5 pensieri su “QUESTIONE DI PAROLE

  1. Ti ho vista ieri sera, e direi che, in quel contesto, con il clima che si era creato, non avevi molte alternative. Ciò che hai detto mi è sembrato pertinente. E’ vero che la politica ha smarrito la capacità di darsi mete di lungo periodo, ed è vero anche che non sembra preoccuparsi troppo di cosa ne pensano i giovani (i figli). Condivido. Grazie per averlo detto.

  2. Un passo di una lucidità impressionante: “Questo possiamo farlo, ma in questi termini, la cosa non va al di là della pia pratica individuale.
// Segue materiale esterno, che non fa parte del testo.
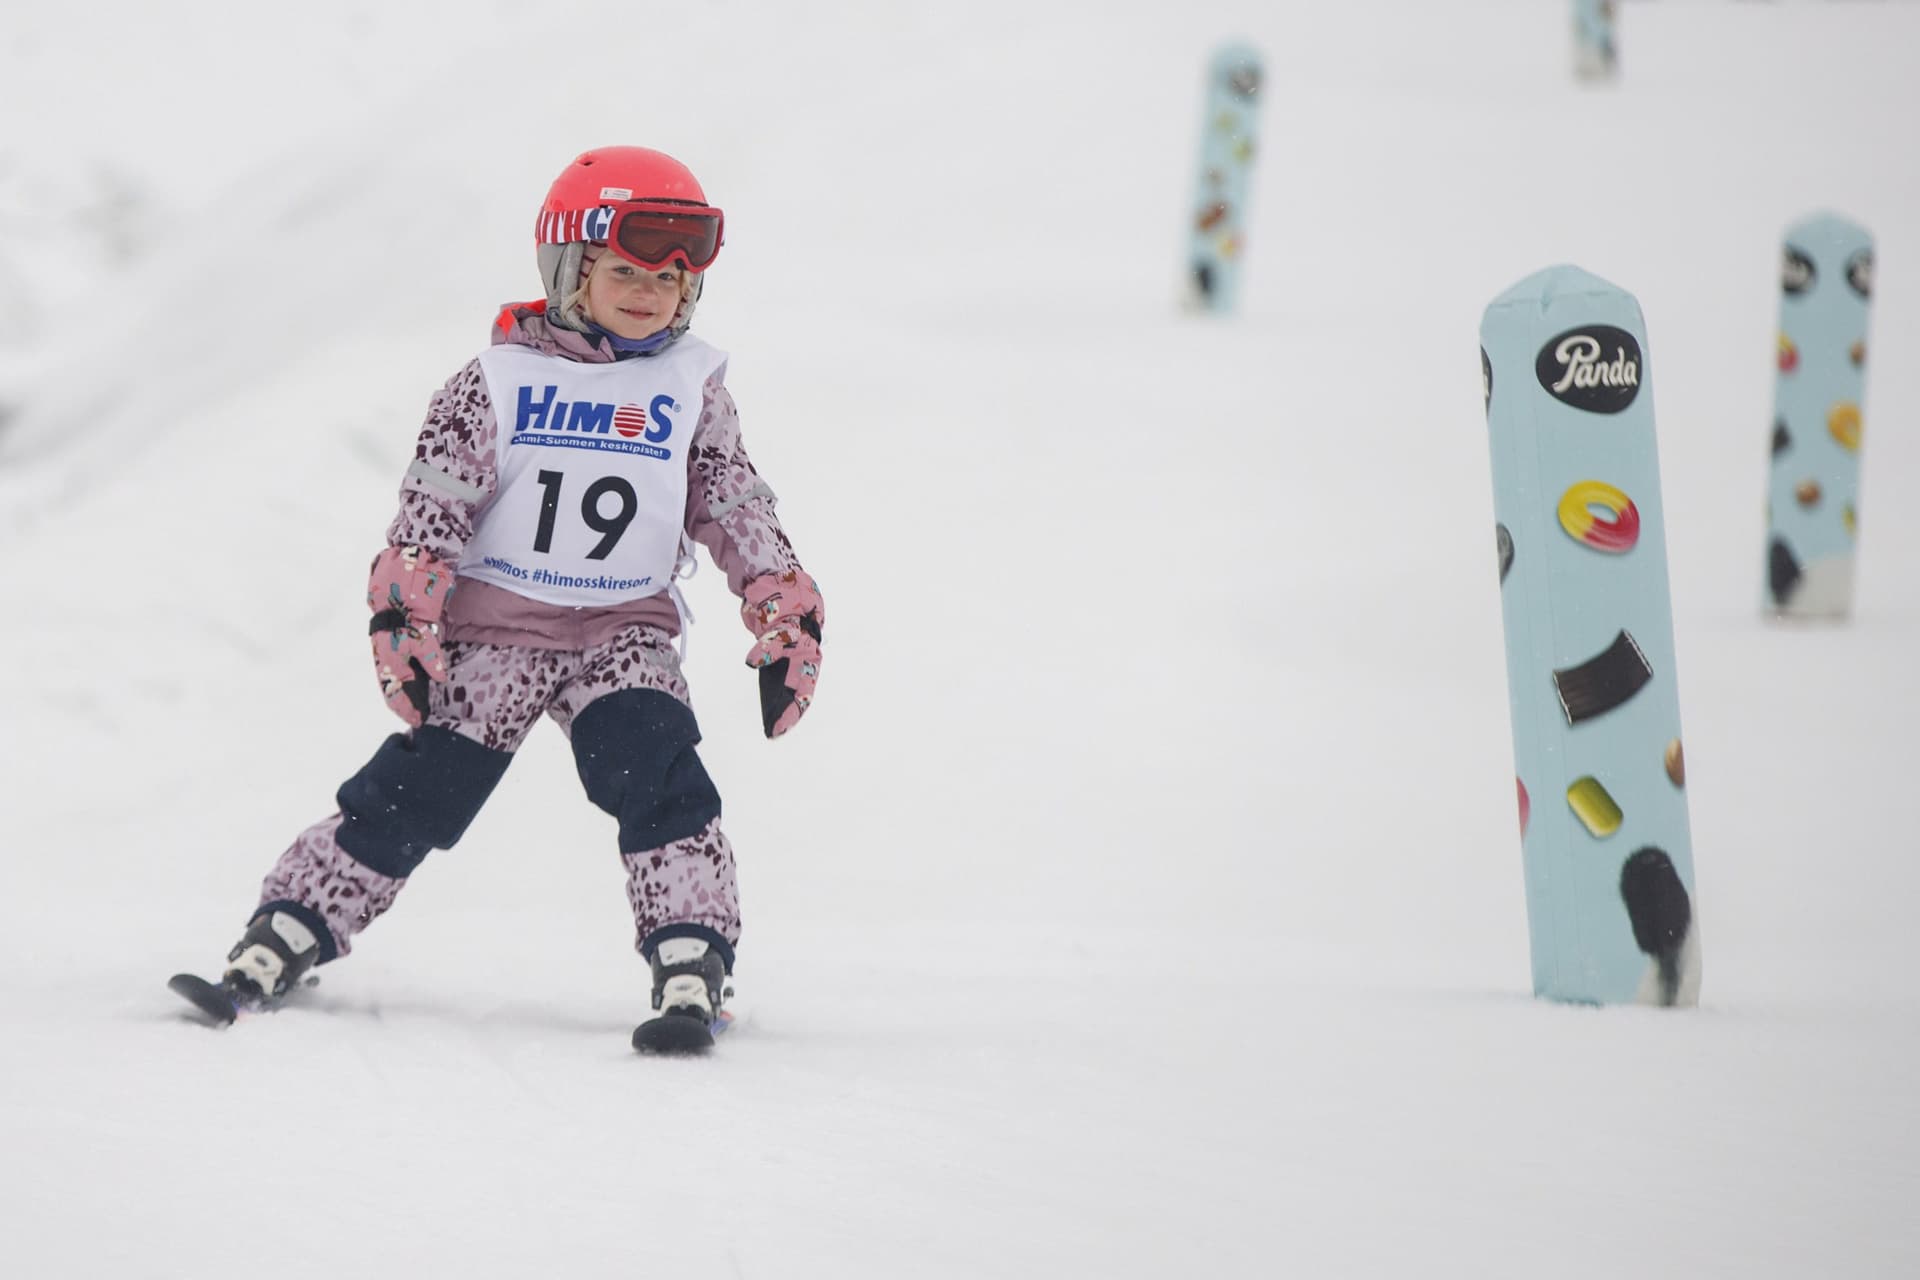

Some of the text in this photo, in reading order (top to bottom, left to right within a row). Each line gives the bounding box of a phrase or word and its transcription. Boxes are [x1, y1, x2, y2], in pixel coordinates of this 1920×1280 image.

[1552, 335, 1638, 394] Panda
[512, 434, 664, 457] umi-Suomen keskipiste!
[533, 469, 638, 560] 19
[532, 568, 652, 590] #himosskiresort
Appena uno osasse spostarsi al di là e proporla come linea di gruppo, immediatamente saremmo assaliti da dieci filosofi accademici arruolati dai principali quotidiani, che ci accuserebbero – non sto inventando, sono cose reali che si possono vedere ogni giorno – di essere persone che – attraverso […] l’ostacolare il godimento dei consumi – vogliono in realtà l’oppressione, la tirannia, il gulag”. Evidentemente i dieci filosofi di cui parlava Fortini nel 1989 hanno fatto scuola; la loro argomentazione è oggi diventata ricatto morale di massa.

  3. Aspetto un suo articolo sulle migranti violentate durante la traversata e destinate a morite in maggior numero perchè ghettizzate nelle stive per abusarne meglio, credo. Continuare a dire orrore e vergogna senza conoscere quest’altro aspetto della vicenda mi pare assurdo. Grazie e cari saluti una appassionata lettrice di mamma ce n’ è più d’ una.